If they get angry at each other, they need to learn to work it out and talk rationally and reasonably to ONE ANOTHER. Every time you act as the go-between, you let them off the hook with this childish type of behavior, and you actually perpetuate the cycle. So, stop that part now.
Now, for the next part, which may sound a little harsh, but I can only go by the little bit you have here. Your husband is acting like a child. He won't talk to his son??? He's abdicating his role as a parent, and you're letting him. We get mad at our kids sometimes. All of us. But, we get a grip, and then we deal with it.

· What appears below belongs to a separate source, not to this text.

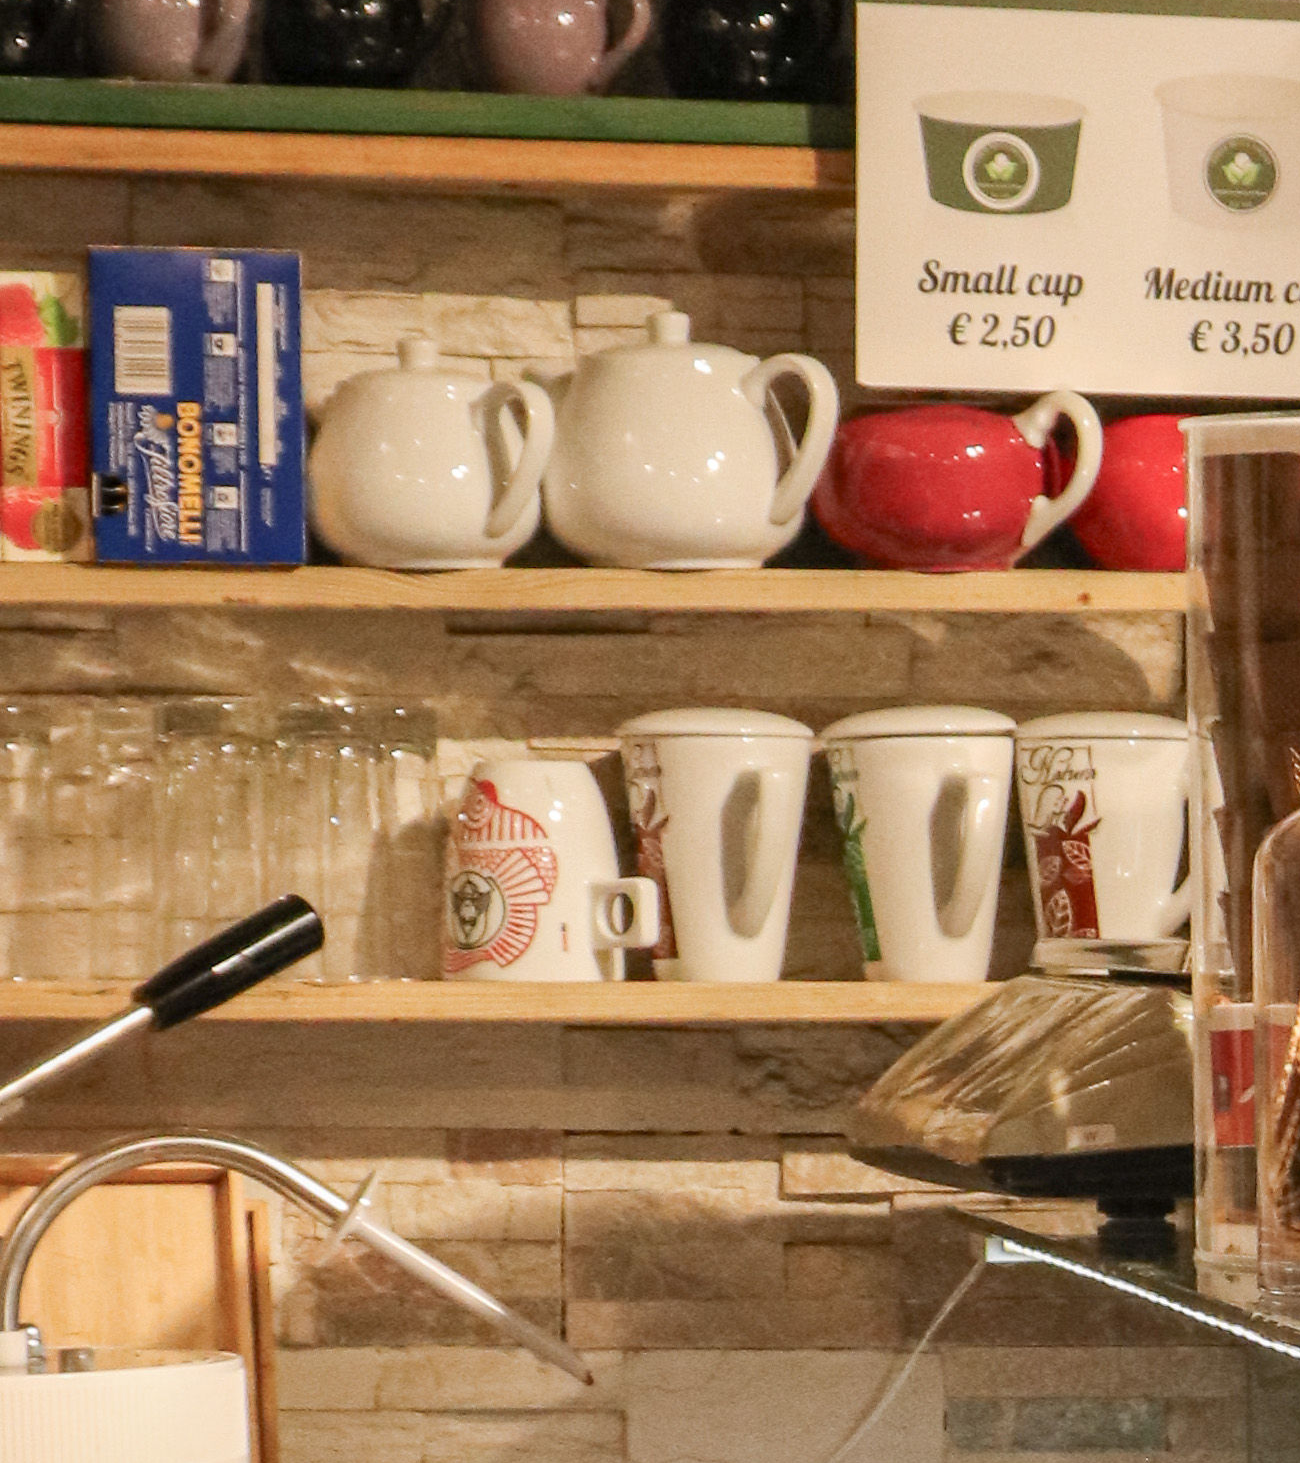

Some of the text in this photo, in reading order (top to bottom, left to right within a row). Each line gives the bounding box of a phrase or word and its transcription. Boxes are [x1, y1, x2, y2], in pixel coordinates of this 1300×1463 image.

I get the need to have a cooling off period sometimes when an argument is really tense or when there is an impasse, but at some point, the parties involved need to calm down, collect themselves, and maturely face the situation. Why does your husband refuse to do this? And what kind of role model is he being to your son with respect to healthy communications?
Can you imagine getting mad at your boss and refusing to talk things over with him/her? That's the stage your husband is setting: I get mad. I retreat. I refuse to talk. I let somebody else work it out for me.
I don't think this is how you want your son to communicate in the important relationships in his life, so start by modeling better for him. Tell your husband you'll no longer act as interpreter or middle-man and insist that he start dealing with his son directly. If he doesn't know how, there are tons of books on the subject, or if it's really that difficult for him, then therapy would be the next option.
Good luck, stay out of it, and let them both learn!